Yale’s class of 2013 may be less impressed by Newark Mayor Cory Booker’s LAW ’97 Class Day speech upon finding that his anecdotes have already been circulated around other universities and were previously available online.

In addition to Yale, Booker, who has announced he will run for the United States Senate in 2014, is delivering commencement addresses at schools including Howard University School of Law, Washington University, Cornell University, New Jersey City University and Rutgers College of Nursing this month.

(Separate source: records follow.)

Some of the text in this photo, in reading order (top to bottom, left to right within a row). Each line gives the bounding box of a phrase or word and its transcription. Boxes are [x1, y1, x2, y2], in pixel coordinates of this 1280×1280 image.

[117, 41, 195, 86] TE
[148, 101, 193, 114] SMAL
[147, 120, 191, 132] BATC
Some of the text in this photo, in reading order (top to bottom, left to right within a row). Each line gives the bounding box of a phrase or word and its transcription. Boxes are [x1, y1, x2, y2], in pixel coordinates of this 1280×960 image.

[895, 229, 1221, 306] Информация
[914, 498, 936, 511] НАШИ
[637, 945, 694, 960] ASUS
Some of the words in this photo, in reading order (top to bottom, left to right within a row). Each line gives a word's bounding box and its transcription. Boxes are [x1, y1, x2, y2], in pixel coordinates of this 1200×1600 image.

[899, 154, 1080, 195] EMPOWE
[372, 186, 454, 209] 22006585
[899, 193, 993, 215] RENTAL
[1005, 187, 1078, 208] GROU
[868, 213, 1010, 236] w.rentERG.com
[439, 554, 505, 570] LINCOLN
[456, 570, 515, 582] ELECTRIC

Booker’s speech to Washington University on May 17 followed almost the exact same narrative as the class day speech he delivered at Yale two days later. In both addresses, Booker emphasized the significance of vision through two main anecdotes that constituted most of the speech— the first about Booker’s last minute attempt to board a flight and the second about his reaction to a murder on Court Street during his first days as mayor in Newark. Booker framed both speeches by discussing his relation to his family members and concluded by stressing the importance of small acts of kindness.

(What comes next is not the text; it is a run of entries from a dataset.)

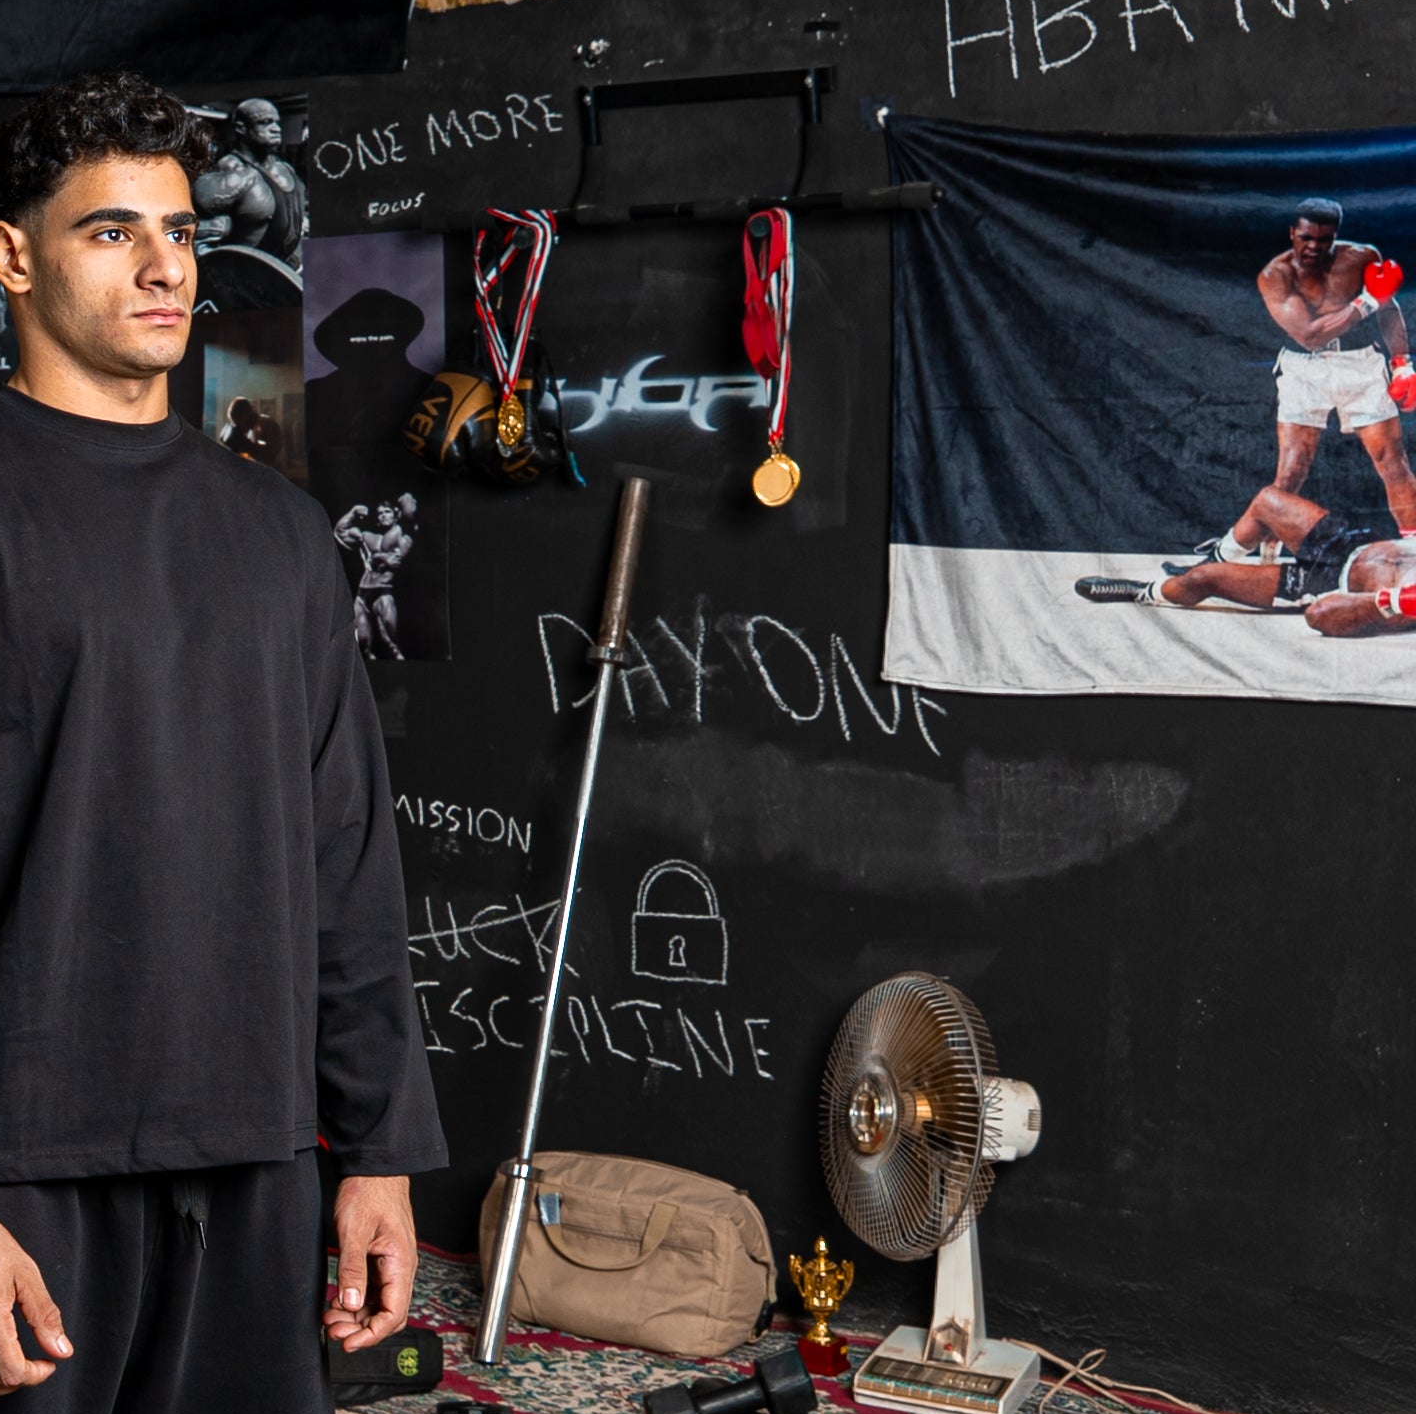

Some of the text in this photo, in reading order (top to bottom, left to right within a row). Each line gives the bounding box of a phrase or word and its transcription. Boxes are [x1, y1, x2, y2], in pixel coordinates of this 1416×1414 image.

[314, 93, 563, 179] ONE MORE
[368, 192, 425, 217] FOCUS
[538, 614, 707, 723] DAY
[407, 889, 581, 978] UCK
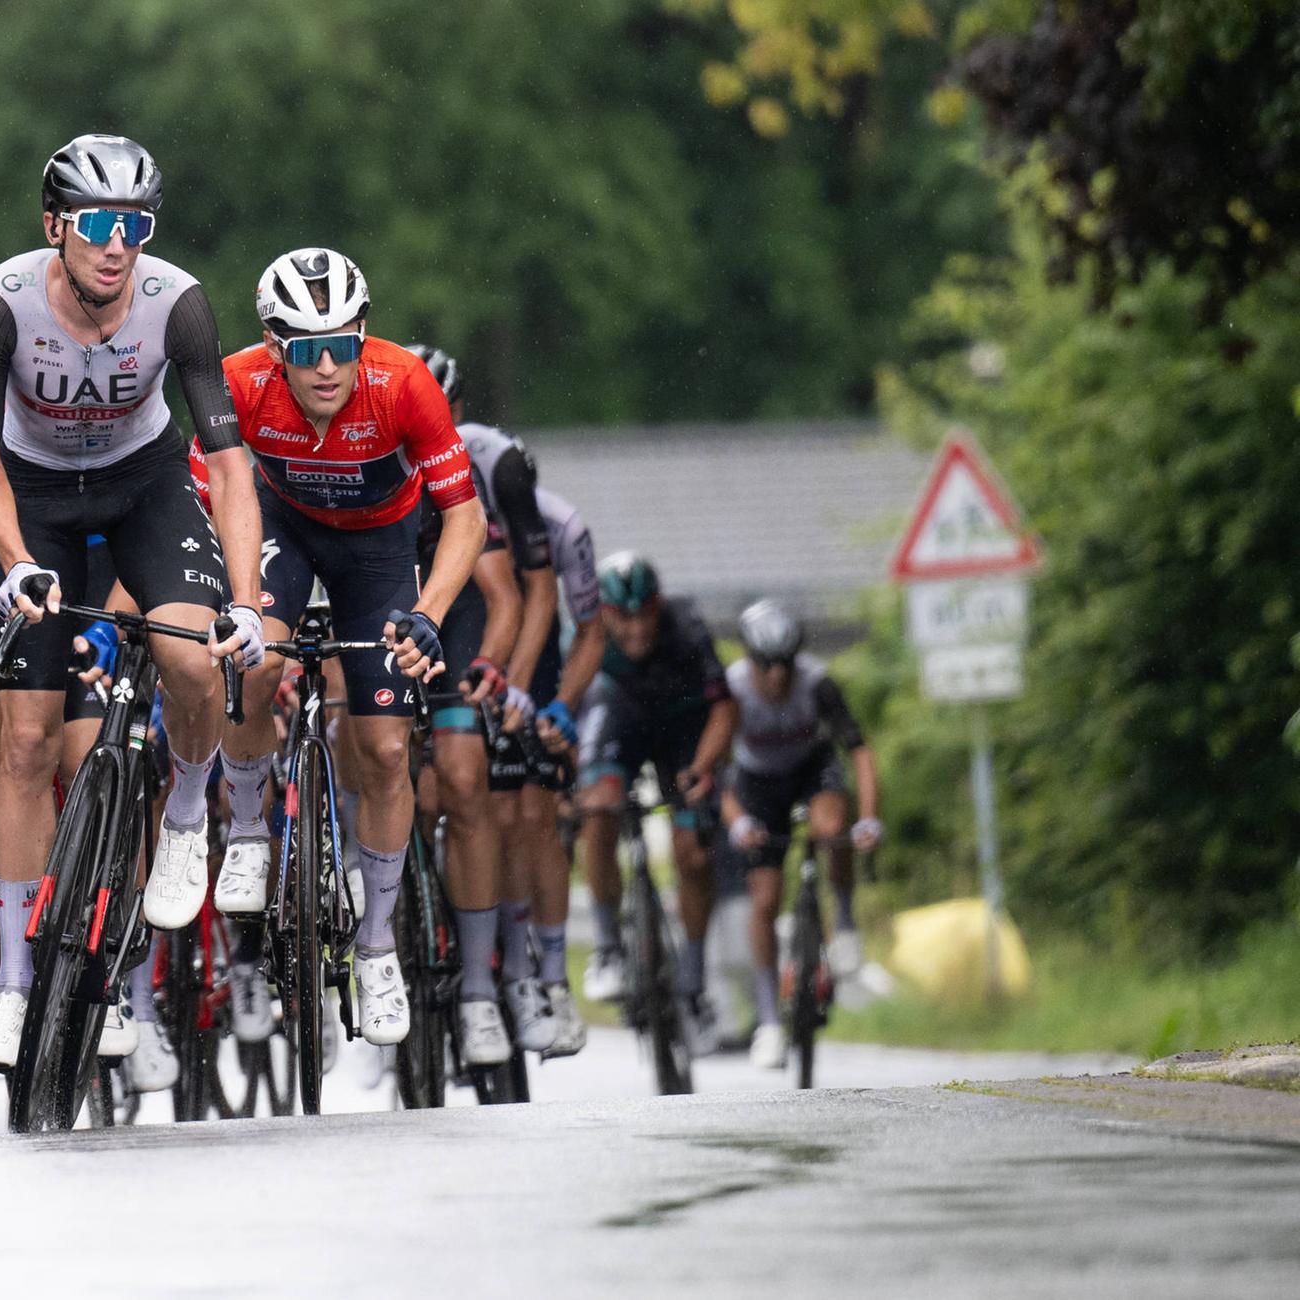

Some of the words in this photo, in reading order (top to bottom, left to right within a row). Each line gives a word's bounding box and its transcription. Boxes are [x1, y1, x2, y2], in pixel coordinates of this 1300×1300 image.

[1, 273, 37, 293] G42
[141, 275, 177, 297] G42
[39, 359, 63, 368] PISSEI
[35, 371, 139, 404] UAE
[55, 422, 114, 433] WHSH
[257, 425, 309, 444] Santini
[287, 471, 363, 484] SOUDAL
[427, 464, 471, 492] Santini

The speeches also used a similar opening, one which is familiar from his 2012 address at Stanford’s commencement. In his appearances at WashU, Stanford and Yale, Booker joked that he was admitted to Stanford as an undergraduate due to his 4.0 and 1600, as in “4.0 yards per carry and 1600 receiving yards” on the football field. A joke in the Stanford speech regarding his father’s constant disapproval of him — “you got more degrees than the month of July but you ain’t hot” — is also recycled in both the WashU and Yale addresses, along with several other jokes.

According to The Star Ledger, Booker told graduates at New Jersey City University on May 14, “I see that you are more beautiful than you realize, stronger than you know, more powerful than you could imagine.” The line was repeated word for word a week later at Yale.

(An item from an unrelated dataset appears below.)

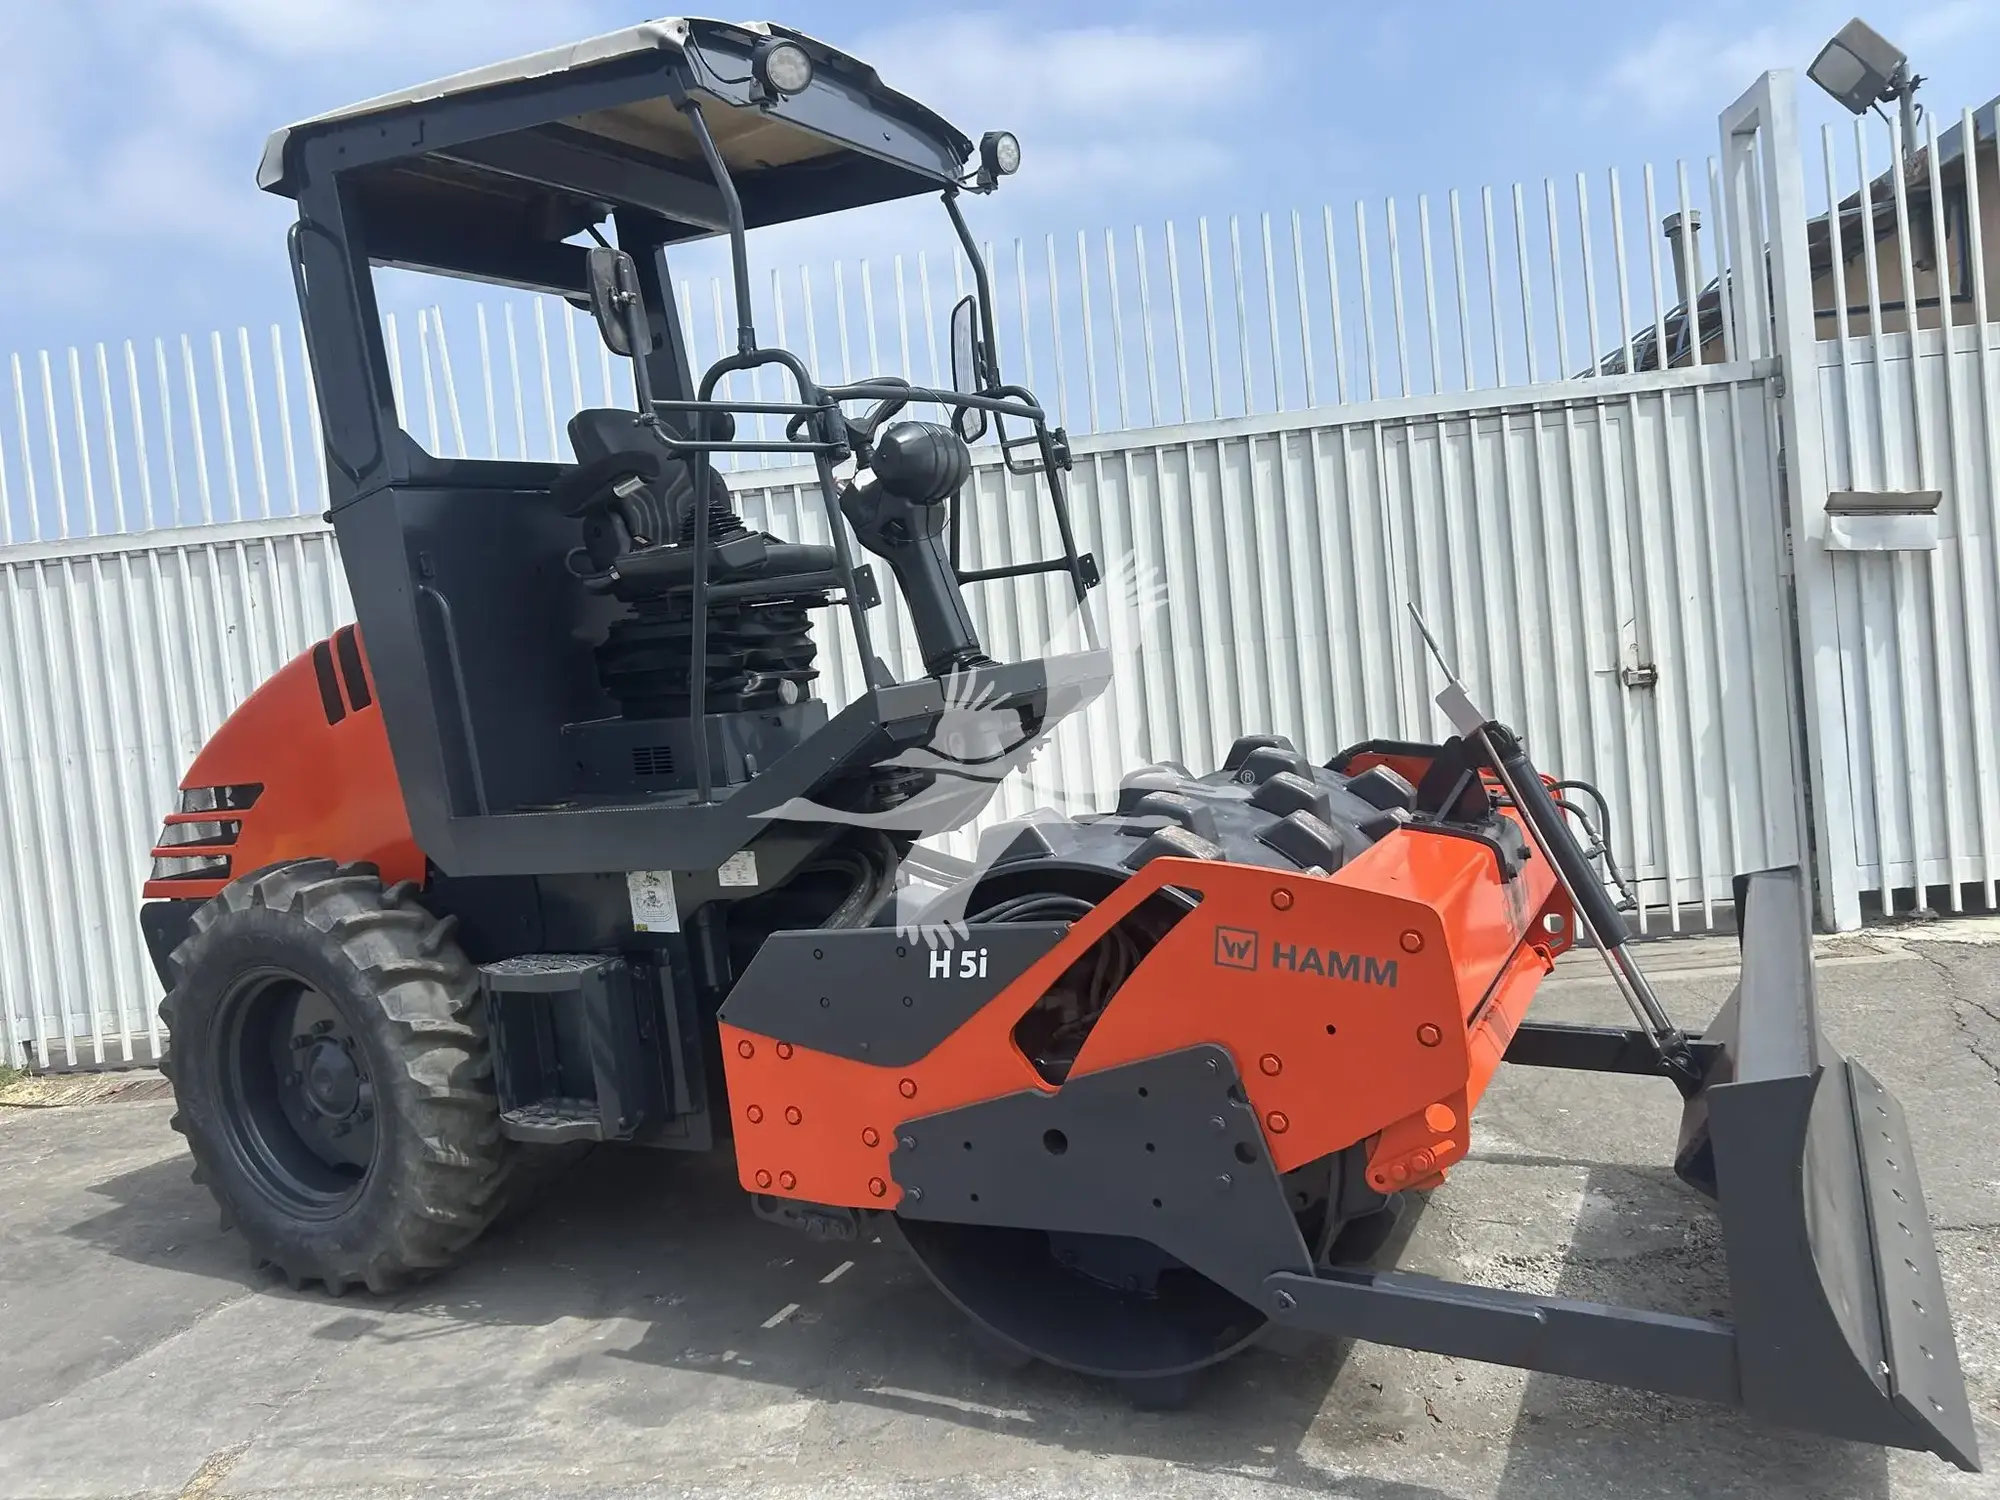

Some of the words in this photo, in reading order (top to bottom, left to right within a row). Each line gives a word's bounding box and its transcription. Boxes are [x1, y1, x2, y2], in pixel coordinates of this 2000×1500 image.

Booker’s office in Newark did not respond to request for comment Thursday. Class Day Co-Chair Jonny Barclay ’13 declined to comment, and Jonathan Edwards College Master Penelope Laurans, who serves as administrative liaison to the Class Day co-chairs, did not immediately respond to request for comment.

Financial disclosure forms from Booker’s office show he has received around $1.3 million from over 90 paid speeches since 2008, the Star-Ledger reported on May 18. His many speaking engagements have earned him a reputation among some in Newark as an “absentee mayor,” according to the Star-Ledger. A 2012 review by the newspaper found he was out of town at least 21 percent of the time.

Yale does not provide Class Day speakers with monetary compensation.